4.2. Influence of Light and Deer Herbivory on Platanthera integrilabia

The establishment, survival, growth, and reproduction of terrestrial orchids can be influenced by a wide range of abiotic and biotic factors that merit consideration in translocation efforts [56]. Among these factors, shade has been associated with decreased survival and reproduction [56]. While the largest known natural occurrence of P. integrilabia occurs in a shaded site and previously published research on P. integrilabia has suggested that it may be able to physiologically tolerate a variety of light environments [34], management reports describe that occurrences have responded positively to canopy clearing and negatively to succession of woody vegetation [27,57,58]. Observations also suggest that P. integrilabia may require a certain critical level of light to flower [59], which could explain such positive responses. Although vegetation thinning did not influence flowering of P. integrilabia individuals emerging from translocated tubers during our study, the increased number of individuals in our 2019 cohort producing stems—a process associated with flowering in this species—when vegetation was heavily thinned suggests that its reproduction may be enhanced by light availability. Research focused on another rare terrestrial orchid species of eastern North America reported increased stem production after significant canopy thinning followed by increased seed capsule production, further suggesting that stem growth could be a potential indicator of reproductive potential [60].
In other terrestrial orchid species, it has been proposed that plants must reach a threshold size in terms of leaf area before flowering can occur [61] and that the impacts of shading on photosynthesis at a fundamental level could underlie observable declines in performance [62]. If a critical plant size is similarly required for reproduction to occur in P. integrilabia, our total leaf area findings could indicate that moderate thinning may benefit this species by encouraging early growth. While light did not influence photosynthesis in the present study, our previous research comparing the performance of natural P. integrilabia occurrences in contrasting light environments revealed that individuals in open occurrences had significantly greater photosynthetic rates than individuals in shadier sites [34]. However, we also found that individuals growing in contrasting light microsites within occurrences (such as those caused by canopy gaps) did not exhibit different photosynthetic capacities, suggesting that photosynthetic differences among natural P. integrilabia occurrences result from long-term adaptions to site conditions rather than short-term acclimation [34].
Herbivory can negatively influence plant survival, growth, and reproduction [63,64], and grazing by invertebrates has been recognized as a major cause of mortality in terrestrial orchids [56]. Associations between sharp declines in orchid species, including Platanthera spp., and decreased rates of deer harvesting, suggest that white-tailed deer in particular could especially influence orchid species decline and, in some cases, extirpation [65]. Grazing by white-tailed deer has been cited as a specific threat to P. integrilabia., and floral grazing, in particular, has been observed in numerous P. integrilabia occurrences [27,28,33]. Although observed herbivore damage in both our 2018 and 2019 cohorts was minimal, and low overall flowering rates may have limited our ability to detect any grazer preference for flowers or flowering plants, our findings do suggest that white-tailed deer may negatively impact the emergence of P. integrilabia individuals from translocated tubers. Specifically, we noted that emergence in our 2019 cohort was significantly greater when tubers were protected from white-tailed deer. In addition, protecting plants from all vertebrate herbivores did not result in greater emergence rates than protecting plants from deer only, suggesting that deer may be a primary cause of low emergence. Our results also suggest that white-tailed deer can negatively impact the aboveground growth of young P. integrilabia individuals following emergence (see Figure 4) but that vegetation thinning could minimize these impacts, perhaps by deterring deer from feeding in more open locations and/or allowing plants to prioritize growth over herbivory defense strategies in response to grazing.
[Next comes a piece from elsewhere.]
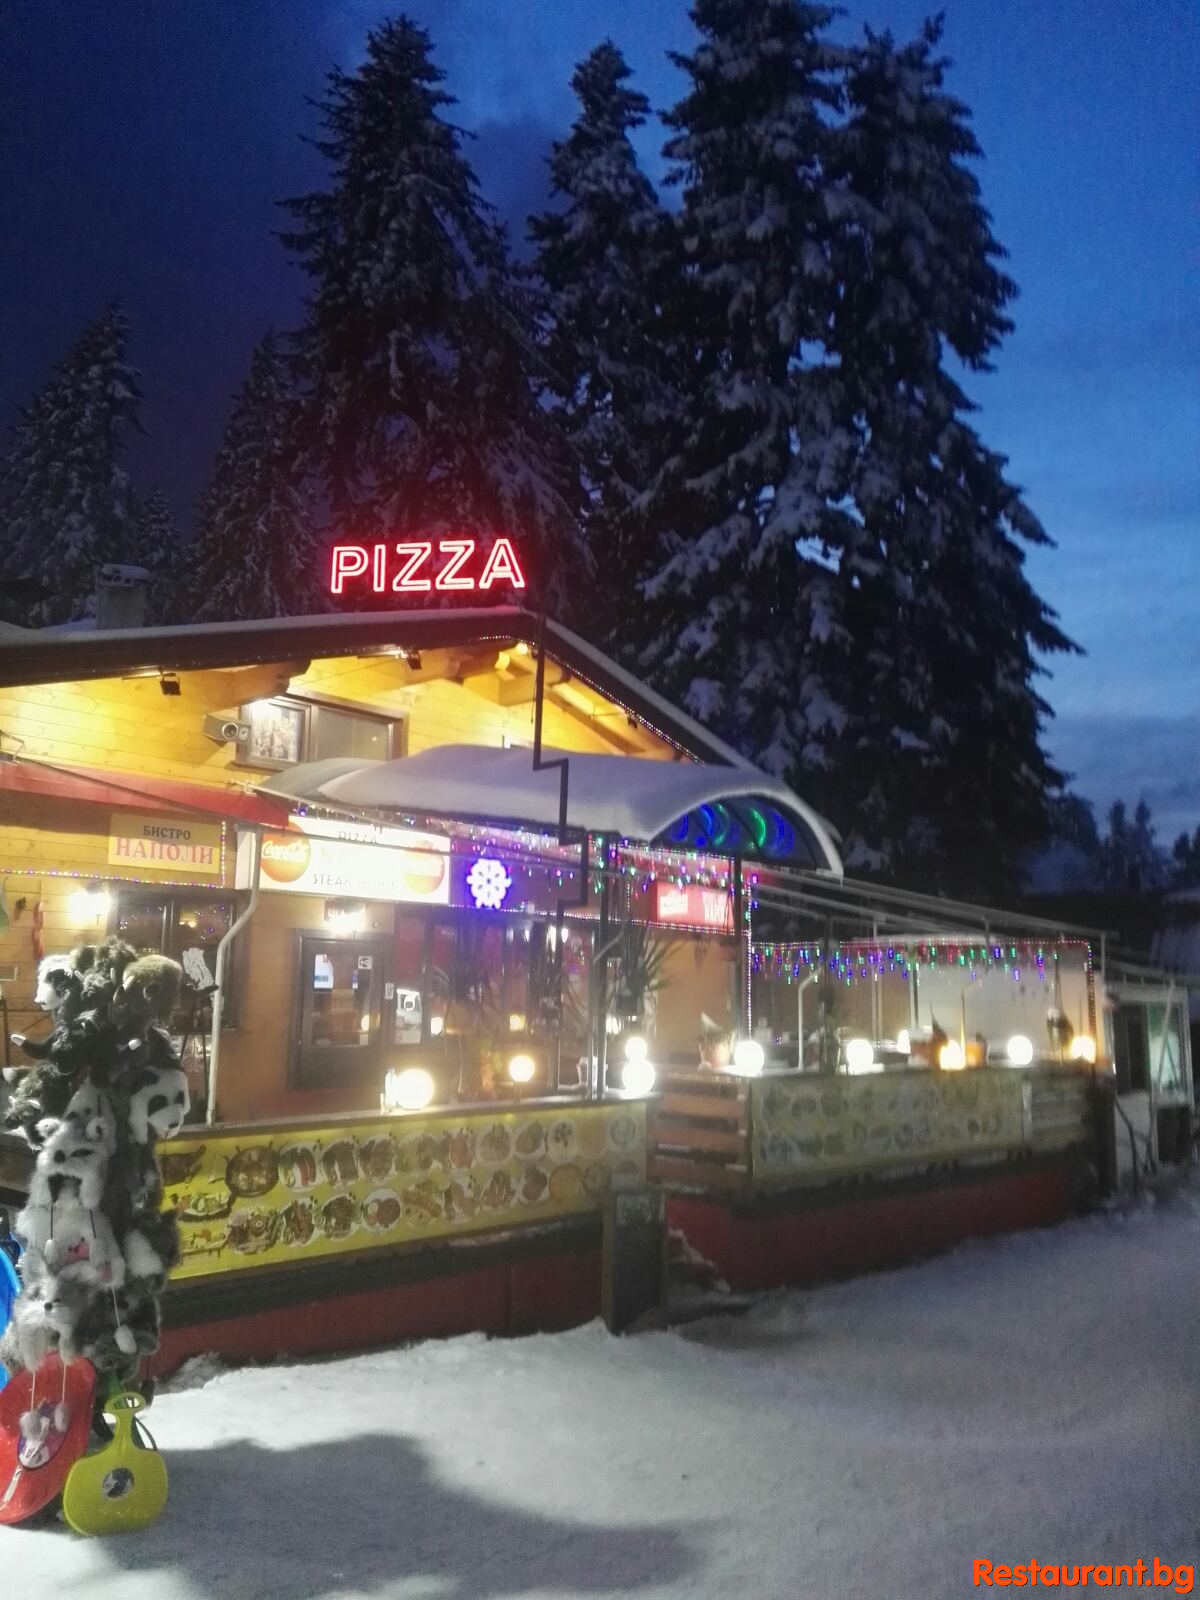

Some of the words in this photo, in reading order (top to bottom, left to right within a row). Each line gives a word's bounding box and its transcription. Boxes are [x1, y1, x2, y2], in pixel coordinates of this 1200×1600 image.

4.3. Recommendations for Platanthera integrilabia Conservation and Management

Rare plant species often are characterized by greater habitat specialization than species that are more common [4], and the assessment of habitat suitability is fundamental to species conservation efforts [8]. The results of our research suggest that translocation of tubers as a means to establishing new populations and/or supplementing existing populations of P. integrilabia could result in successful early establishment of individuals, but that low rates of survival and flowering are possible and should be considered in translocation plans. Our findings indicate that management of woody vegetation in P. integrilabia occurrences could have different effects on individuals that are life-stage-dependent. Specifically, we found the emergence was greatest when woody vegetation was left intact, aboveground growth (i.e., total leaf area) was greatest with moderate vegetation thinning, and that reproduction could be enhanced by heavy thinning. We also found that increased light availability could benefit P. integrilabia in areas where white-tailed deer are abundant by moderating the impacts of grazing.
Based on our findings, we suggest that P. integrilabia occurrences, whether newly established or natural, be monitored for demographic information that could be used to guide vegetation management plans and that plans may need to be adjusted if demography changes. For example, declining P. integrilabia numbers have been attributed in part to low flowering rates in many occurrences and management of such occurrences could prioritize approaches to help elicit flowering. However, it has also been suggested that bolstered reproductive success after canopy thinning may last only a few seasons and that the sizes of occurrences eventually begin to decline with the encroachment of other understory species [27]. A managed approach of canopy thinning to promote flowering followed by subsequent understory thinning a few years later to promote vegetative growth might be effective in generating and sustaining substantial reproduction rates and occurrence sizes. Although not included in our study, we suggest that prescribed burning could be explored as an alternative to mechanical thinning, given the reported fire tolerance of P. integrilabia [66] and other species in the genus [67,68] and the potential for appropriately timed burning to enrich soil in ways that could benefit orchids [69]. Deer fencing installed in some P. integrilabia occurrences has been associated with reducing grazing of vegetative and flowering plants [28], and higher rates of herbivory at sites in which fencing has been damaged emphasize the potential effectiveness of fencing to protect orchids in areas with abundant deer populations [28]. Feral hogs have also been cited as a threat to P. integrilabia abundance [25], and while we did not observe evidence of hog damage at our site, we suggest that protecting plants from deer with fencing could help to prevent hog damage as well.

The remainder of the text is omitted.